= Car brokers in Australia =

Car brokers specialise in helping car buyers source and buy cars. They typically offer services such as finding a particular used car model to fit a budget, getting the lowest price on a new car, or negotiating with a used car seller on behalf of a client that already located the car by themselves.

== History ==
There have been car brokers operating in Australia almost as long as there have been car dealers. Car dealers recognised that some individuals stood out in their circle of friends or community as experts on car buying. The dealers started offering them a spotters fee each time they would bring a customer to the dealership. If the customer bought the car, the broker (or spotter) would be paid.
After some time, a business model evolved where businesses would set up and call themselves motor brokers.

Motor brokers would typically be started by car sales people who wanted a change of lifestyle. They were almost exclusively one-person operations, and operated as de facto car dealers. They would be licensed as car dealers, and focus on achieving the best bottom line deal for the customer.

As the popularity of the Internet increased, the first pure online car brokers appeared around 2003. These car brokers are typified by the lack of a dealer's license, and only dealing in new cars. This minimises the labour component of the business and allows a high level of automation.
In spite of car brokers having been in existence for decades, general public awareness of them in Australia is relatively limited.

== Buying new cars ==
Car brokers work with their own established network of new car dealerships. When a client requires a new car, the car broker will contact one or more dealers in their network and determine which one will provide the required car at the lowest price. Delivery and location parameters may also be considered. Some car brokers offer to deliver the car to the client's home or place of work

== Buying used cars ==
Some car brokers can help source used cars as well as new ones. In many of these cases, the car broker will buy the car and then sell it to their client. Used car brokers are generally licensed. The reasons for having a dealer's license are:
- The car may be bought at an auction where private sellers cannot bid.
- The car may be sourced from a private seller, but the buyer must purchase from a licensed dealer due to financing requirements.
- Clients often prefer buying from a licensed dealer as statutory warranties apply in most cases.
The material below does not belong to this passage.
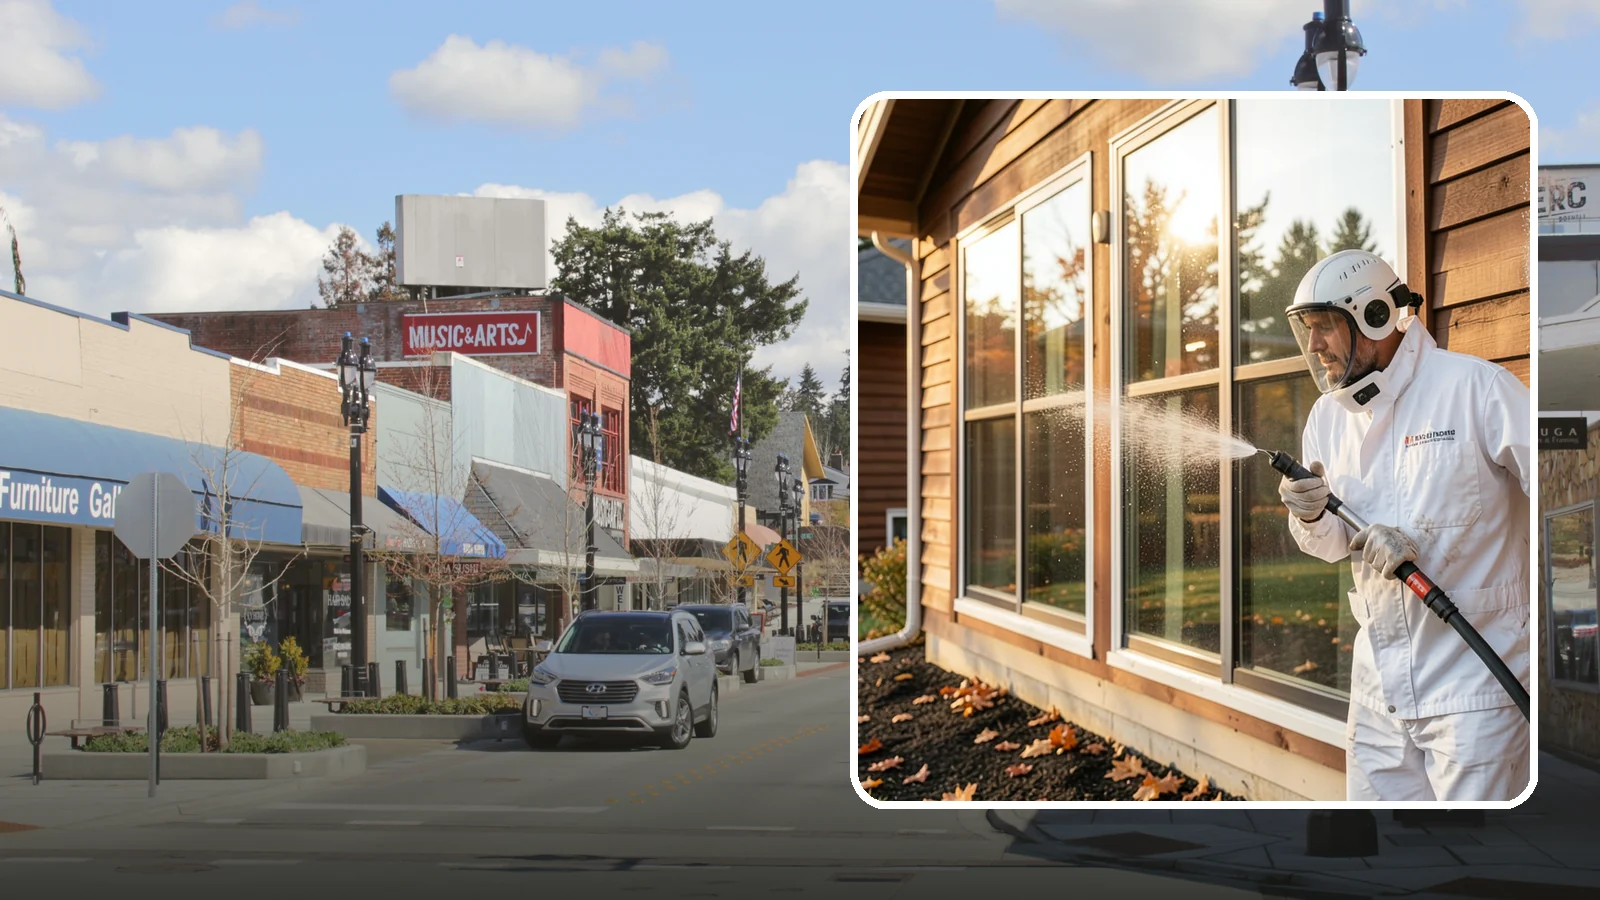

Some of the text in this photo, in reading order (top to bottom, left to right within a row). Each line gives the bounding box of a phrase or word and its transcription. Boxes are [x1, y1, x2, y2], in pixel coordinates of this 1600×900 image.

[409, 323, 519, 349] MUSIC&ARTS
[1540, 427, 1578, 436] UGA
[0, 471, 122, 519] Furniture Gal
Many clients buy used cars via brokers without first seeing the car.

== Other services ==
Other services provided by car brokers can include:
- Test drives. Using a car broker to arrange test drives removes the often stressful situation of having to go to a dealership and be subjected to a sales pitch while trying to evaluate a car.
- Financing. Typically, a finance broker will be aligned with the car broker to source discounted finance.
- Pre-approved finance.
- Cars are one of the most expensive depreciating assets people buy in their lives. It's a right of passage to adulthood when a person buys their first car, but many younger people can not usually afford a car. That's why people approach car financiers. Car Financiers lend money to allow accepted clients to purchase their next car sooner than they otherwise would, and work with the client to create a repayment plan. However interest rates do vary widely and arranging your own finance is often better.
- Extended warranties.
- Paint protection, rust protection, window tinting and other third party options and accessories.
- Car insurance.

== Regulations ==
Many car brokers disclose their referral fee (also called dealer fee) on their websites. These referral fees are usually minimal amounts also known as "spotter fees" and as dealers are not having to pay for extra advertising or staff costs they welcome the extra volume orders from their regular brokers.

== Alternatives ==
With Internet's popularity car brokers are becoming less common, being replaced by online classifieds/broker type systems. Broker fees have become listing fees, with some sites also charging a spotters fee when the deal has been sealed.